Is the so-called crisis at the BBC being overstated?

It’s a very dangerous time, as the advocates of privatisation see rich pickings here. The crisis is not being overstated, but the initial causes have provided a pretext for a marvellously hypocritical show of outrage, while recent blunders (bafflingly stupid) have also played into the hands of those who see an opportunity to take out the BBC. Everything needs to be done to keep the BBC in public ownership and to continue independent news reporting and political analysis.

What should the next Director-General prioritise?

First we have to have one, and the process of choosing him or her must be less clubby. I like the idea that candidates should present their principles and plans in public, and a full debate should follow before the decision is made. No rush, full disclosure.

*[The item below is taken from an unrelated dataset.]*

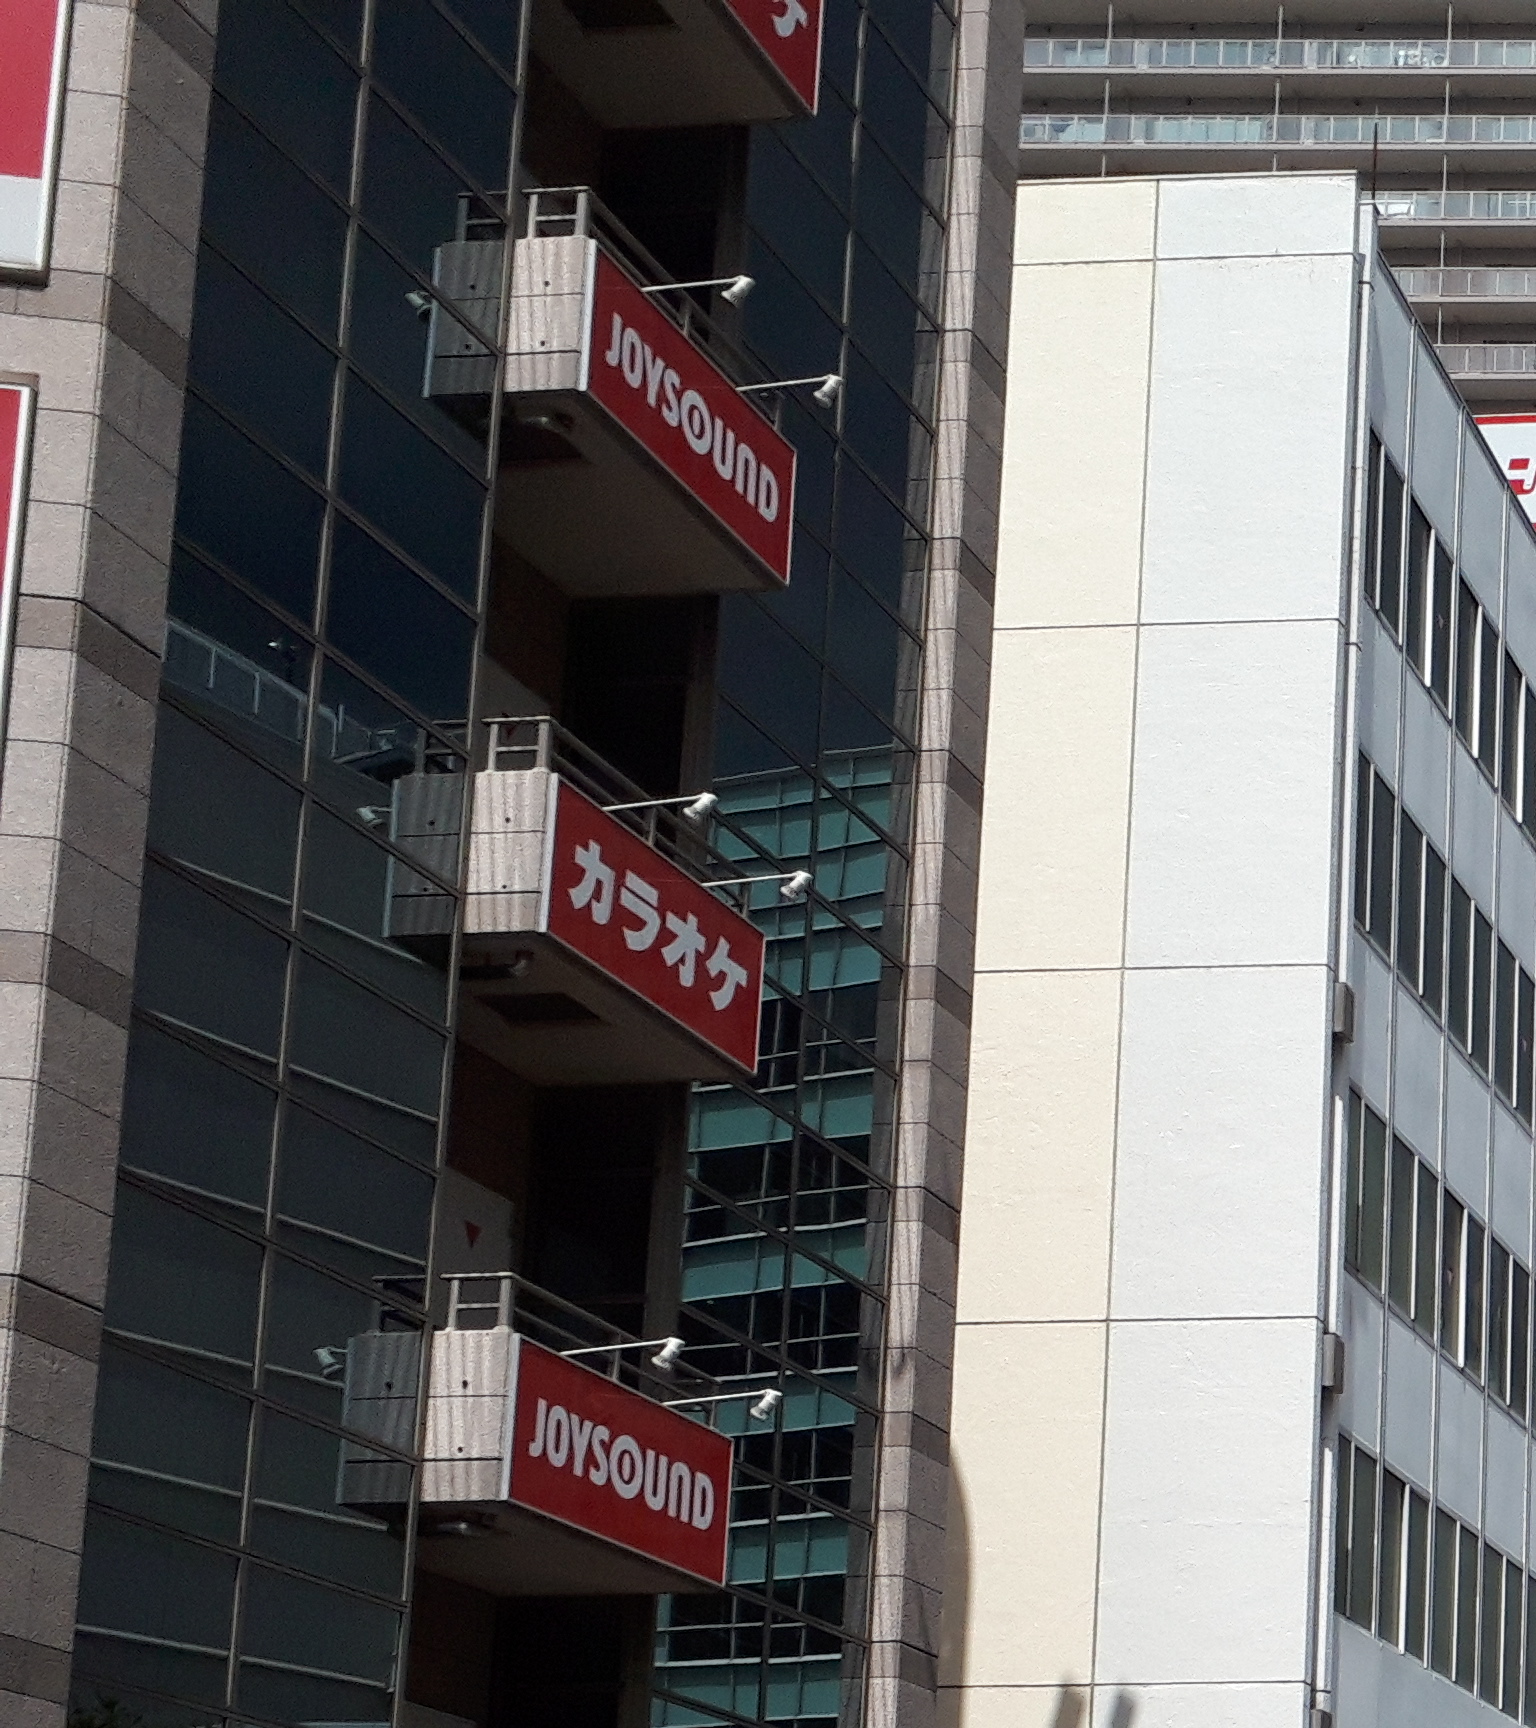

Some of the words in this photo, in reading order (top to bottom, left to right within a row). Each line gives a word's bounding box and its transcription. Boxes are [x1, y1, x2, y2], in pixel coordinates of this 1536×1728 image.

In the meantime, a campaign team from among programme makers and journalists (“content-providers”), not managers or administrators, should form to develop a powerful manifesto for independent, publicly funded broadcasting and to look for the next DG or even an alternative structure of leadership.

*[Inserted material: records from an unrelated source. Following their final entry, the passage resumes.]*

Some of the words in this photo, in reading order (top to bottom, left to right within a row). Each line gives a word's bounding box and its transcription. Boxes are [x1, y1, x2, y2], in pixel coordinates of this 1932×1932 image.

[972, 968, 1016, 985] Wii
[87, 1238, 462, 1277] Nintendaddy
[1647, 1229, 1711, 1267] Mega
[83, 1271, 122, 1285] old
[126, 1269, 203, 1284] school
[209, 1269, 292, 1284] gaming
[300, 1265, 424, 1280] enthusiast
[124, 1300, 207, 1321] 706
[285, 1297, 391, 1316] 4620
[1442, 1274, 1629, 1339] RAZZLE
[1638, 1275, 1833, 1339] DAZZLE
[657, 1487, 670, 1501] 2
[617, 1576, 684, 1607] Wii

What, if anything, does the David Petraeus affair tell us about men and power?

The most puzzling aspect of contemporary culture – and it has spread from the US as US cultural trends do – is the clash between pornography and puritanism. Sex is pushed, displayed, sold through the bodies of women, yet to do it is punishable by public disgrace. Regarding men and power, women used to be a perk of office, but now even when they themselves show every sign of wanting to play that part, everybody turns on everyone else to prevent them. I’d reverse the equation and have less public porn and more private sex (or, rather, love – though love is probably not much in play in this story).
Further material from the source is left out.